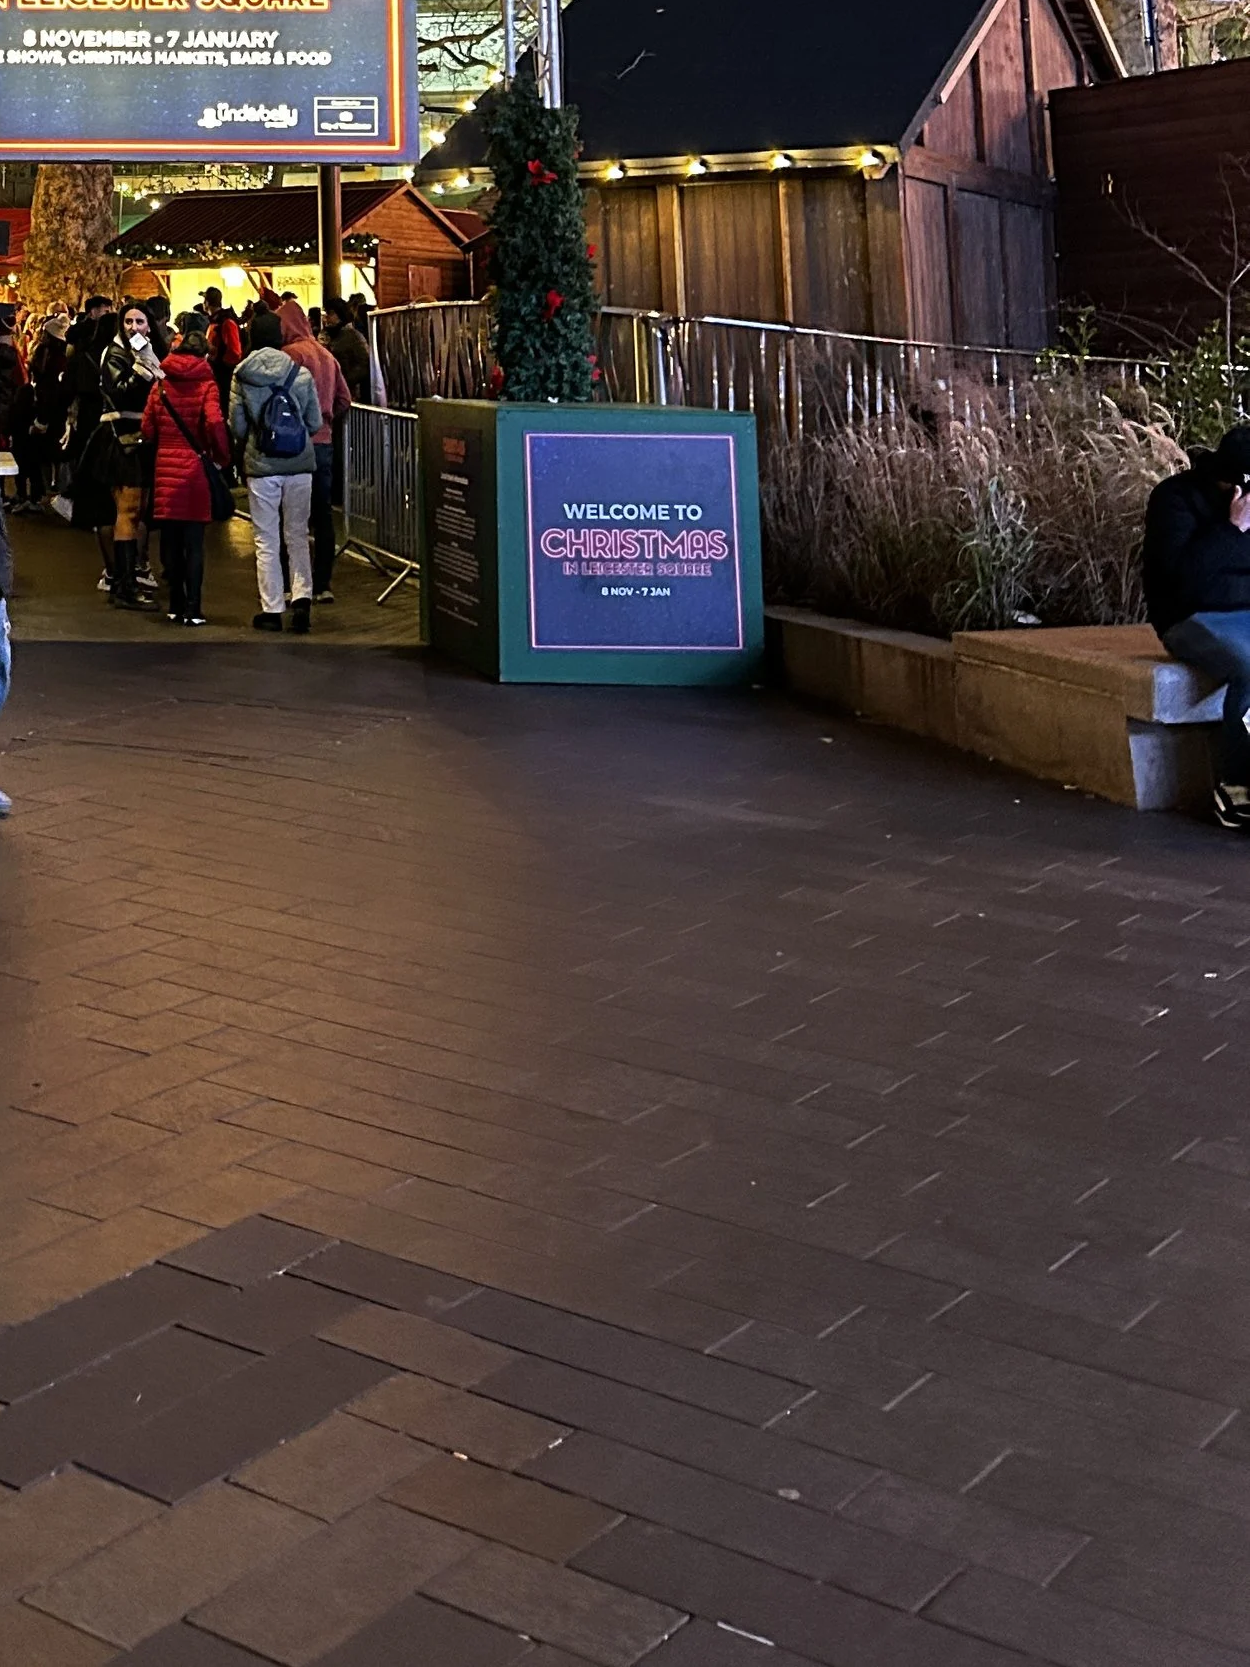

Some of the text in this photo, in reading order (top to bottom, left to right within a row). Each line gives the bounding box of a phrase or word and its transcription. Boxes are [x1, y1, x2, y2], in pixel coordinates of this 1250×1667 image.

[22, 29, 37, 47] 8
[40, 29, 152, 48] NOVEMBER
[166, 30, 180, 48] 7
[182, 30, 280, 49] JANUARY
[6, 49, 67, 66] SHOWS,
[68, 50, 153, 65] CHRISTMAS
[155, 50, 229, 67] MARKETS,
[230, 51, 272, 65] BARS
[273, 51, 285, 65] &
[286, 51, 332, 66] FOOD
[563, 503, 703, 521] WELCOME TO
[540, 528, 729, 560] CHRISTMAS
[562, 561, 713, 577] IN LEICESTER SQUARE
[601, 587, 608, 596] 8
[610, 587, 634, 596] NOV
[641, 587, 648, 596] 7
[650, 587, 671, 596] JAN
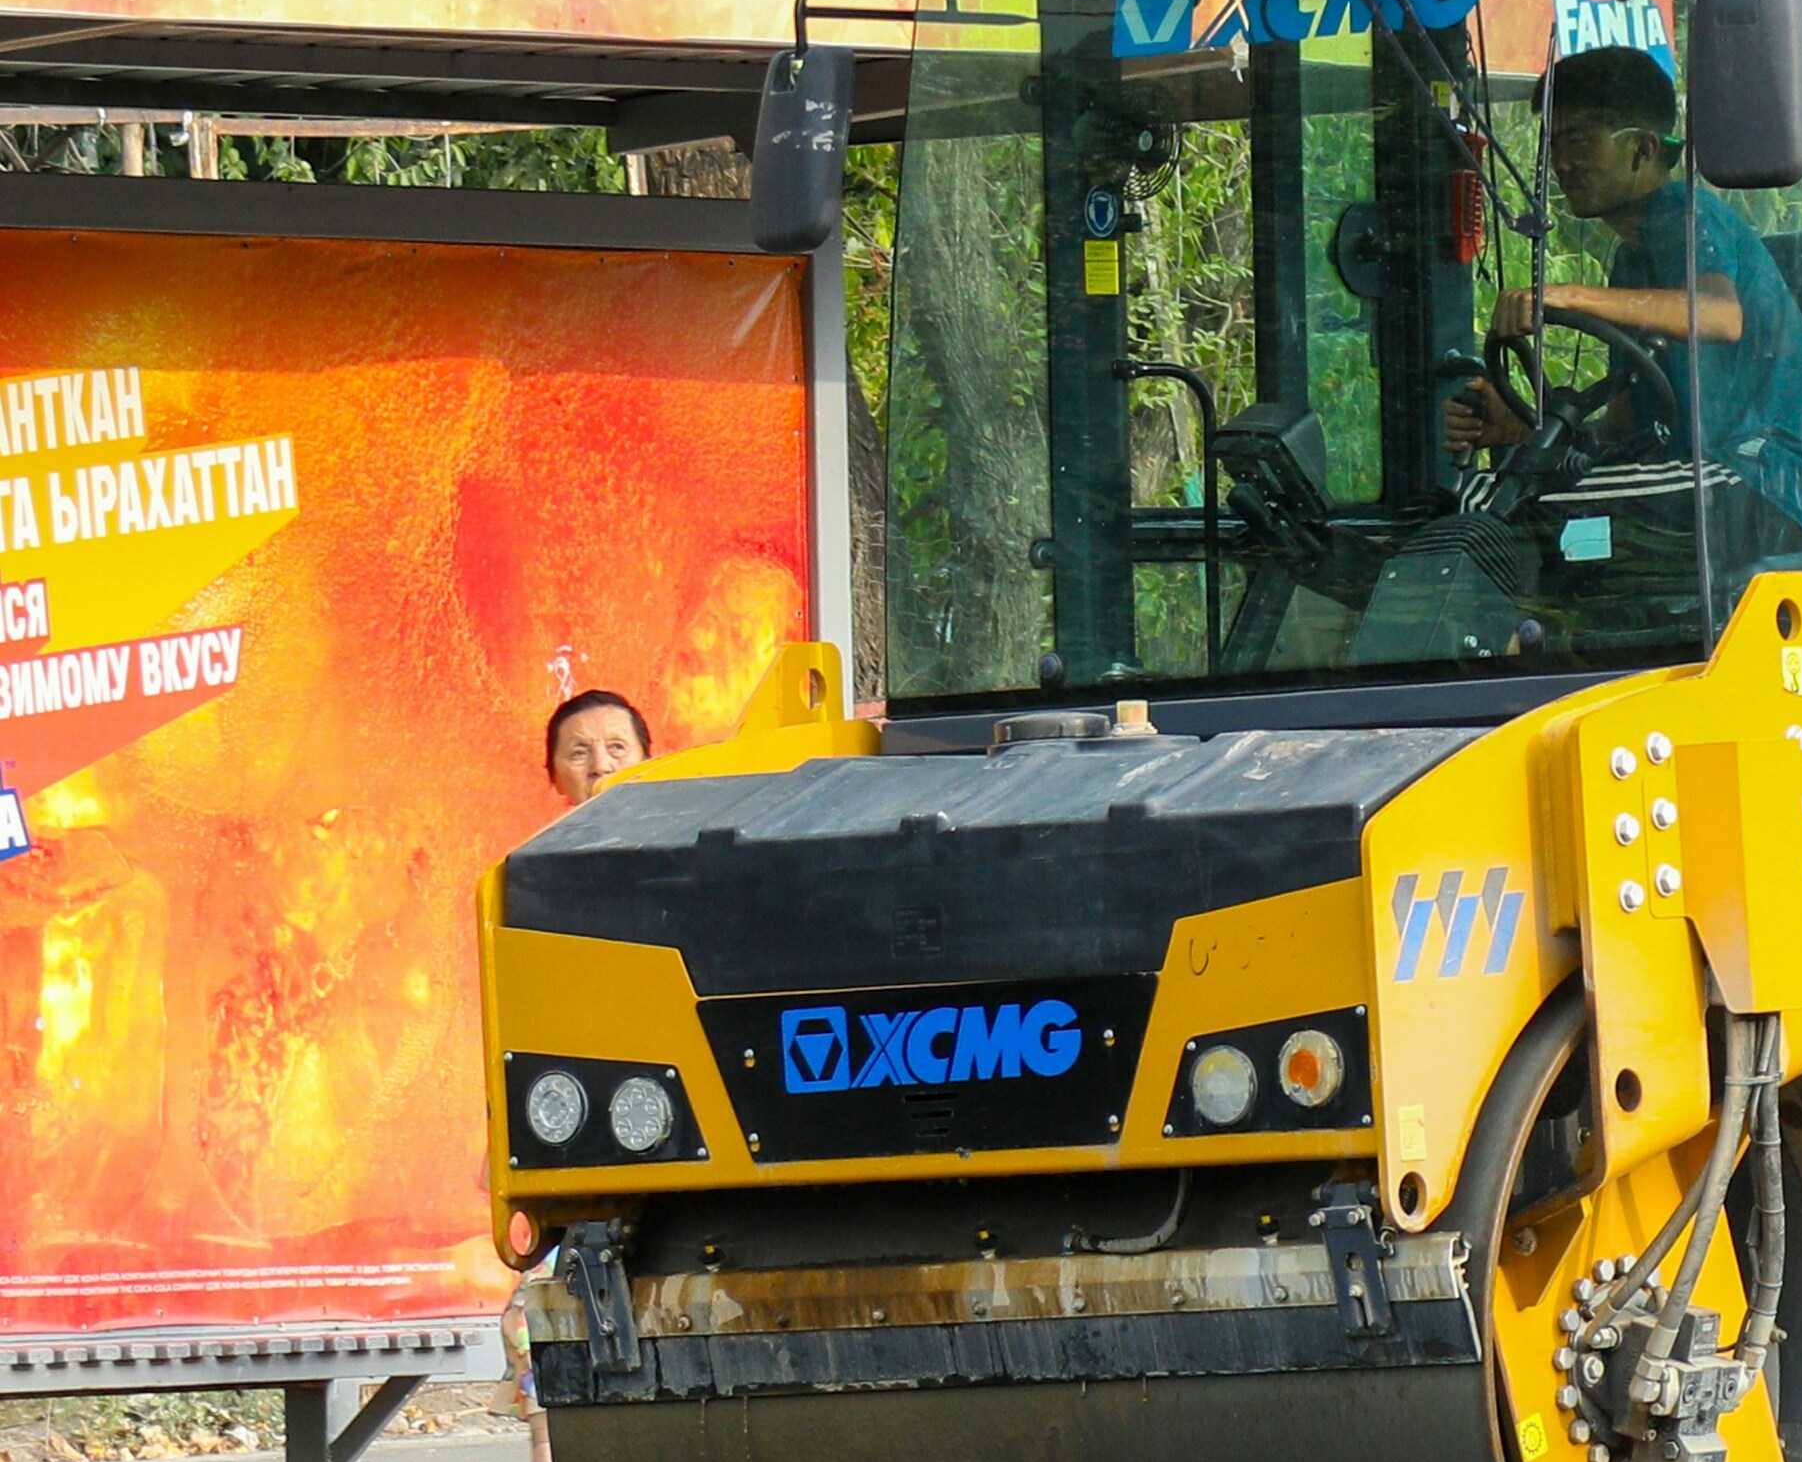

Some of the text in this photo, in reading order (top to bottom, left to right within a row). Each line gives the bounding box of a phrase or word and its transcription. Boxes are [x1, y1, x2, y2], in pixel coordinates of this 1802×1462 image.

[49, 438, 296, 544] ЫРАХАТТАН
[0, 582, 48, 643] СЯ
[140, 628, 241, 696] ВКУСУ
[851, 1000, 1082, 1089] XCMG

## [What the exercise asks]
Exactly the lines from the one containing "this 1802×1462 image." through the end of the listing should be reproduced, both ends included and nothing more.

## [Exercise solution]
Some of the text in this photo, in reading order (top to bottom, left to right within a row). Each line gives the bounding box of a phrase or word and its transcription. Boxes are [x1, y1, x2, y2], in pixel coordinates of this 1802×1462 image.

[49, 438, 296, 544] ЫРАХАТТАН
[0, 582, 48, 643] СЯ
[140, 628, 241, 696] ВКУСУ
[851, 1000, 1082, 1089] XCMG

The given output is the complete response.